- WORKING DATA -
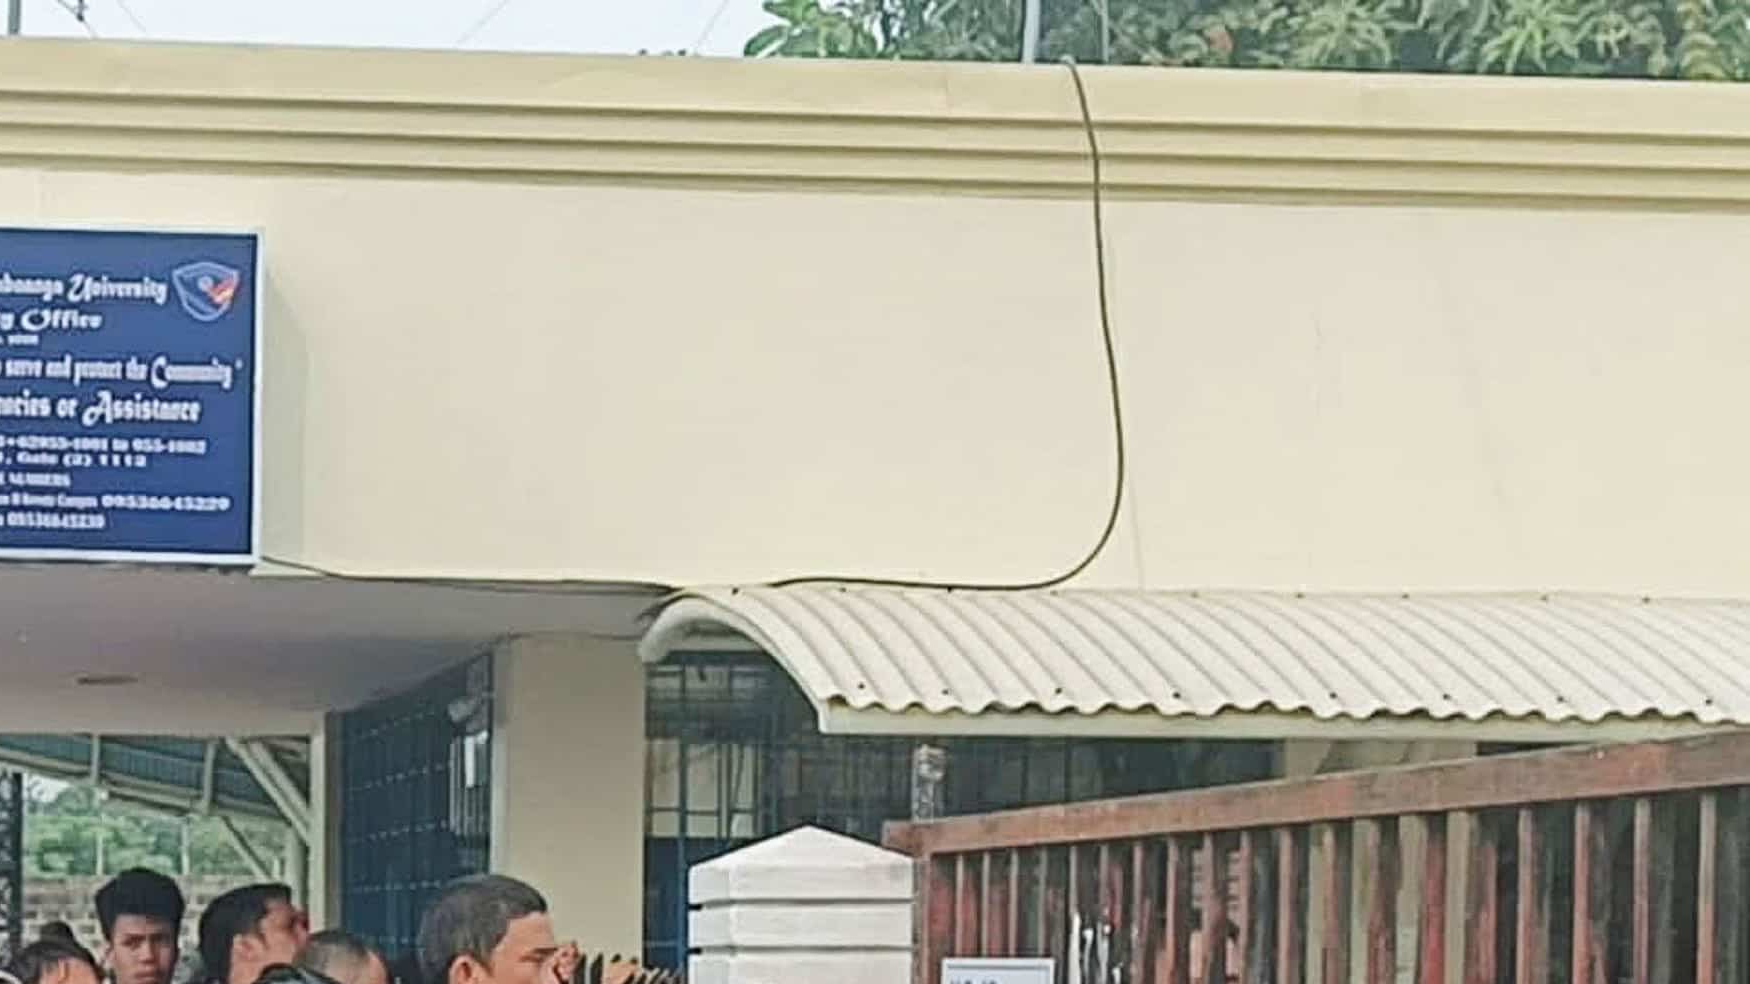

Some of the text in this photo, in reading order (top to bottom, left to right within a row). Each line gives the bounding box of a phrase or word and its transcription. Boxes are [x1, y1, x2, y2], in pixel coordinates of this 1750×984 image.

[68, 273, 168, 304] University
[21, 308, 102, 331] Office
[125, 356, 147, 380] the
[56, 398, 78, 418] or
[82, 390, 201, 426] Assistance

- GOAL OF THE EXERCISE -
Faithful copy, images left out: write out every line of data.

- RESPONSE BOX -
Some of the text in this photo, in reading order (top to bottom, left to right within a row). Each line gives the bounding box of a phrase or word and its transcription. Boxes are [x1, y1, x2, y2], in pixel coordinates of this 1750×984 image.

[68, 273, 168, 304] University
[21, 308, 102, 331] Office
[125, 356, 147, 380] the
[56, 398, 78, 418] or
[82, 390, 201, 426] Assistance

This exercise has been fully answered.